§ Your assignment: Each record is to be written out exactly as it appears.

Data items:
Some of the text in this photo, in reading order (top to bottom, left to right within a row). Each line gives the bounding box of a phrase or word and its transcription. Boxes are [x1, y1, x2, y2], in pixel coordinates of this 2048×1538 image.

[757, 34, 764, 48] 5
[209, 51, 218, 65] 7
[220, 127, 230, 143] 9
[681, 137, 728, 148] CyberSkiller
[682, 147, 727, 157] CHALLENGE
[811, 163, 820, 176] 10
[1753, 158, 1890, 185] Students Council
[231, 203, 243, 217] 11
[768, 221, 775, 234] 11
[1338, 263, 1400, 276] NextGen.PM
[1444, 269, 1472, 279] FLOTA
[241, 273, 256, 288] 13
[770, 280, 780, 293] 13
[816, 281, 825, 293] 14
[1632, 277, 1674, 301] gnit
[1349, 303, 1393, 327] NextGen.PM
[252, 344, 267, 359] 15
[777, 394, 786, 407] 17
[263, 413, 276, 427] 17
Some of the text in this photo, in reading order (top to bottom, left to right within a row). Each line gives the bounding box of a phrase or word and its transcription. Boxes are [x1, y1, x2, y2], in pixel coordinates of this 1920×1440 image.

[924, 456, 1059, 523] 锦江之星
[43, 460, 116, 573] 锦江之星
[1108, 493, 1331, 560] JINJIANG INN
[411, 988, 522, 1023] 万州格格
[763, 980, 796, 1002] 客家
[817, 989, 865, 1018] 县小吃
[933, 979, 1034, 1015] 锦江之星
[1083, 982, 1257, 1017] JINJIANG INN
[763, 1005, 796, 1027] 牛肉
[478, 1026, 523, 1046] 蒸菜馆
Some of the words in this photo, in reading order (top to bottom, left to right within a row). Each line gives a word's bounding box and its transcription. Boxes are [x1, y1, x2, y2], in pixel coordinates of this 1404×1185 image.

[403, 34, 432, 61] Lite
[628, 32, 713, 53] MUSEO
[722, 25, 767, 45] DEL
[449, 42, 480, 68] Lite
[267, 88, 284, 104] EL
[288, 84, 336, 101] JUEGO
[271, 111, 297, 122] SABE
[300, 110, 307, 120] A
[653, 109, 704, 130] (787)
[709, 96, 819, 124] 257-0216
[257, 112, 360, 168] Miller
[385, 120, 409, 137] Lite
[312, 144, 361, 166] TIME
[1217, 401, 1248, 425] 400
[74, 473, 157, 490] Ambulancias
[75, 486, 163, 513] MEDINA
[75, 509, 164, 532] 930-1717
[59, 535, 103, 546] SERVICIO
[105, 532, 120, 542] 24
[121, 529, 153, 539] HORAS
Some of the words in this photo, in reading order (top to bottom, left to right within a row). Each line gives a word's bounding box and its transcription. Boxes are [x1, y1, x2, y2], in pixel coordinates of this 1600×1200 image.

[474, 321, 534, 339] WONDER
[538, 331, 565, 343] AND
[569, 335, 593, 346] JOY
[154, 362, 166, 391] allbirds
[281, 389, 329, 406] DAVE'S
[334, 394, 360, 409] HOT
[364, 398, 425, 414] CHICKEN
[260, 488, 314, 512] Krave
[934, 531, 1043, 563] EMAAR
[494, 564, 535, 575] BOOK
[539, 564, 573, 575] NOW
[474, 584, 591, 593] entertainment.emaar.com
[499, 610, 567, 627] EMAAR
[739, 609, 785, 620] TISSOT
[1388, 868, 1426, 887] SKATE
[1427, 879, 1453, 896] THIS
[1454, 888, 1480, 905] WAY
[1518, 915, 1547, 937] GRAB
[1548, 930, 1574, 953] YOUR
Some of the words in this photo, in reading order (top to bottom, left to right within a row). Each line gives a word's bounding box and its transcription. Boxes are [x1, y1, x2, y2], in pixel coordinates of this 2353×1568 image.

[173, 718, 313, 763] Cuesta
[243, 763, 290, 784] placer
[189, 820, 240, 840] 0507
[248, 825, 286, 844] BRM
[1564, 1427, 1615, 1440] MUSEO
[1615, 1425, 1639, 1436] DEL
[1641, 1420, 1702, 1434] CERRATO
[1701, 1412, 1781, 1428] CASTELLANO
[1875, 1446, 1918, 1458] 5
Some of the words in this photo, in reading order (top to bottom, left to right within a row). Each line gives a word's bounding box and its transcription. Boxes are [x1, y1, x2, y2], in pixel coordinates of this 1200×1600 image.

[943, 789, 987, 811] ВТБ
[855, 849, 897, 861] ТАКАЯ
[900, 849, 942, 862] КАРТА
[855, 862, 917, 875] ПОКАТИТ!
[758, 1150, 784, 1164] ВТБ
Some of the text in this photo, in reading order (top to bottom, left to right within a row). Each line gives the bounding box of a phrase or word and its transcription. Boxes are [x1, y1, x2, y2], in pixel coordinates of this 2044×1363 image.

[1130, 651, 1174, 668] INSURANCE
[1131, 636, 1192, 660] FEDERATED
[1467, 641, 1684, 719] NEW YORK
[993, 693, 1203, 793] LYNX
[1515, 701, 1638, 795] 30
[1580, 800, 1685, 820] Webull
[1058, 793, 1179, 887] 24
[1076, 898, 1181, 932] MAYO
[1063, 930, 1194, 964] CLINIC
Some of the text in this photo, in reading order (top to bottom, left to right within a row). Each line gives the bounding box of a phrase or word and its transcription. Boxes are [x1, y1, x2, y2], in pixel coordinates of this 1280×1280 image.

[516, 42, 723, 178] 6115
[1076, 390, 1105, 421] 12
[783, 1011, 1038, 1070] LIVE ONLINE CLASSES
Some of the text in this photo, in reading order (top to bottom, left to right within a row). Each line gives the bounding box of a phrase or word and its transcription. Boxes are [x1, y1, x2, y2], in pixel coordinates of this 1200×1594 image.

§ Response for this exercise:
Some of the text in this photo, in reading order (top to bottom, left to right within a row). Each line gives the bounding box of a phrase or word and its transcription. Boxes are [x1, y1, x2, y2], in pixel coordinates of this 2048×1538 image.

[757, 34, 764, 48] 5
[209, 51, 218, 65] 7
[220, 127, 230, 143] 9
[681, 137, 728, 148] CyberSkiller
[682, 147, 727, 157] CHALLENGE
[811, 163, 820, 176] 10
[1753, 158, 1890, 185] Students Council
[231, 203, 243, 217] 11
[768, 221, 775, 234] 11
[1338, 263, 1400, 276] NextGen.PM
[1444, 269, 1472, 279] FLOTA
[241, 273, 256, 288] 13
[770, 280, 780, 293] 13
[816, 281, 825, 293] 14
[1632, 277, 1674, 301] gnit
[1349, 303, 1393, 327] NextGen.PM
[252, 344, 267, 359] 15
[777, 394, 786, 407] 17
[263, 413, 276, 427] 17
Some of the text in this photo, in reading order (top to bottom, left to right within a row). Each line gives the bounding box of a phrase or word and its transcription. Boxes are [x1, y1, x2, y2], in pixel coordinates of this 1920×1440 image.

[924, 456, 1059, 523] 锦江之星
[43, 460, 116, 573] 锦江之星
[1108, 493, 1331, 560] JINJIANG INN
[411, 988, 522, 1023] 万州格格
[763, 980, 796, 1002] 客家
[817, 989, 865, 1018] 县小吃
[933, 979, 1034, 1015] 锦江之星
[1083, 982, 1257, 1017] JINJIANG INN
[763, 1005, 796, 1027] 牛肉
[478, 1026, 523, 1046] 蒸菜馆
Some of the words in this photo, in reading order (top to bottom, left to right within a row). Each line gives a word's bounding box and its transcription. Boxes are [x1, y1, x2, y2], in pixel coordinates of this 1404×1185 image.

[403, 34, 432, 61] Lite
[628, 32, 713, 53] MUSEO
[722, 25, 767, 45] DEL
[449, 42, 480, 68] Lite
[267, 88, 284, 104] EL
[288, 84, 336, 101] JUEGO
[271, 111, 297, 122] SABE
[300, 110, 307, 120] A
[653, 109, 704, 130] (787)
[709, 96, 819, 124] 257-0216
[257, 112, 360, 168] Miller
[385, 120, 409, 137] Lite
[312, 144, 361, 166] TIME
[1217, 401, 1248, 425] 400
[74, 473, 157, 490] Ambulancias
[75, 486, 163, 513] MEDINA
[75, 509, 164, 532] 930-1717
[59, 535, 103, 546] SERVICIO
[105, 532, 120, 542] 24
[121, 529, 153, 539] HORAS
Some of the words in this photo, in reading order (top to bottom, left to right within a row). Each line gives a word's bounding box and its transcription. Boxes are [x1, y1, x2, y2], in pixel coordinates of this 1600×1200 image.

[474, 321, 534, 339] WONDER
[538, 331, 565, 343] AND
[569, 335, 593, 346] JOY
[154, 362, 166, 391] allbirds
[281, 389, 329, 406] DAVE'S
[334, 394, 360, 409] HOT
[364, 398, 425, 414] CHICKEN
[260, 488, 314, 512] Krave
[934, 531, 1043, 563] EMAAR
[494, 564, 535, 575] BOOK
[539, 564, 573, 575] NOW
[474, 584, 591, 593] entertainment.emaar.com
[499, 610, 567, 627] EMAAR
[739, 609, 785, 620] TISSOT
[1388, 868, 1426, 887] SKATE
[1427, 879, 1453, 896] THIS
[1454, 888, 1480, 905] WAY
[1518, 915, 1547, 937] GRAB
[1548, 930, 1574, 953] YOUR
Some of the words in this photo, in reading order (top to bottom, left to right within a row). Each line gives a word's bounding box and its transcription. Boxes are [x1, y1, x2, y2], in pixel coordinates of this 2353×1568 image.

[173, 718, 313, 763] Cuesta
[243, 763, 290, 784] placer
[189, 820, 240, 840] 0507
[248, 825, 286, 844] BRM
[1564, 1427, 1615, 1440] MUSEO
[1615, 1425, 1639, 1436] DEL
[1641, 1420, 1702, 1434] CERRATO
[1701, 1412, 1781, 1428] CASTELLANO
[1875, 1446, 1918, 1458] 5
Some of the words in this photo, in reading order (top to bottom, left to right within a row). Each line gives a word's bounding box and its transcription. Boxes are [x1, y1, x2, y2], in pixel coordinates of this 1200×1600 image.

[943, 789, 987, 811] ВТБ
[855, 849, 897, 861] ТАКАЯ
[900, 849, 942, 862] КАРТА
[855, 862, 917, 875] ПОКАТИТ!
[758, 1150, 784, 1164] ВТБ
Some of the text in this photo, in reading order (top to bottom, left to right within a row). Each line gives the bounding box of a phrase or word and its transcription. Boxes are [x1, y1, x2, y2], in pixel coordinates of this 2044×1363 image.

[1130, 651, 1174, 668] INSURANCE
[1131, 636, 1192, 660] FEDERATED
[1467, 641, 1684, 719] NEW YORK
[993, 693, 1203, 793] LYNX
[1515, 701, 1638, 795] 30
[1580, 800, 1685, 820] Webull
[1058, 793, 1179, 887] 24
[1076, 898, 1181, 932] MAYO
[1063, 930, 1194, 964] CLINIC
Some of the text in this photo, in reading order (top to bottom, left to right within a row). Each line gives the bounding box of a phrase or word and its transcription. Boxes are [x1, y1, x2, y2], in pixel coordinates of this 1280×1280 image.

[516, 42, 723, 178] 6115
[1076, 390, 1105, 421] 12
[783, 1011, 1038, 1070] LIVE ONLINE CLASSES
Some of the text in this photo, in reading order (top to bottom, left to right within a row). Each line gives the bounding box of a phrase or word and its transcription. Boxes are [x1, y1, x2, y2], in pixel coordinates of this 1200×1594 image.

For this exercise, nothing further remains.